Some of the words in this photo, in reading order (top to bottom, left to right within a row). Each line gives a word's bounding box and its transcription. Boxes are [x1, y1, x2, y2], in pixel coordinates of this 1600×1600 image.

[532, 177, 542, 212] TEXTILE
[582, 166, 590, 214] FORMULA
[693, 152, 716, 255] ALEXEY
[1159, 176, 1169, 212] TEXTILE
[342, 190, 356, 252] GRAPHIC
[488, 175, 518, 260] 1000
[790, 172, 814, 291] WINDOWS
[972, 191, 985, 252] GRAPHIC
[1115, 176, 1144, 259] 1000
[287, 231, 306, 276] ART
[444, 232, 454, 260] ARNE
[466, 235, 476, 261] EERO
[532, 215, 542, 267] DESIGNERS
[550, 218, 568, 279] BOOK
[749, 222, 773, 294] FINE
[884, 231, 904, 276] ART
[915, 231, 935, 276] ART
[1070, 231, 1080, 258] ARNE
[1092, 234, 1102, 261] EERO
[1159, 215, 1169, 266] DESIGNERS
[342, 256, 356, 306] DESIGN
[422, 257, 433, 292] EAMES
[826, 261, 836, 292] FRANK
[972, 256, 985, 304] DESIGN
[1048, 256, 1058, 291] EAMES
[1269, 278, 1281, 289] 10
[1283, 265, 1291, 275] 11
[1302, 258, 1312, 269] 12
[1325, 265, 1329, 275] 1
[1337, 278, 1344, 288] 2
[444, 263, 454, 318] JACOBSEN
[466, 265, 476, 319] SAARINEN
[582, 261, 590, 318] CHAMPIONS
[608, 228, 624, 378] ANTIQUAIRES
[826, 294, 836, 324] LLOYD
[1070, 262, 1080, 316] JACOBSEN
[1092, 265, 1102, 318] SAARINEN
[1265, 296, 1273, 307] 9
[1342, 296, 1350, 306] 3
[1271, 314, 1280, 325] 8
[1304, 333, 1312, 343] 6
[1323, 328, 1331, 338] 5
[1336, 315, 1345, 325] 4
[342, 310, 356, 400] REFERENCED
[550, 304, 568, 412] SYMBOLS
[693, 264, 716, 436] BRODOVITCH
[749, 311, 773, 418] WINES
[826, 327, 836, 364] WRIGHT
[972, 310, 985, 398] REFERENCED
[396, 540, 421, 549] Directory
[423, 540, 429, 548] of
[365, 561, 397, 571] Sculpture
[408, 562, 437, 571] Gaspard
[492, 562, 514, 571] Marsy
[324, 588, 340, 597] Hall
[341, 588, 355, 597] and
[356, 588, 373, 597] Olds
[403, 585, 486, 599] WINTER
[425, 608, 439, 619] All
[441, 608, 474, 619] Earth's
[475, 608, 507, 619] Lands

▶ **ABOUT THIS TASK**:
For this task, copy every line of the material in which "SAARINEN" appears.

▶ **FINAL ANSWER**:
[466, 265, 476, 319] SAARINEN
[1092, 265, 1102, 318] SAARINEN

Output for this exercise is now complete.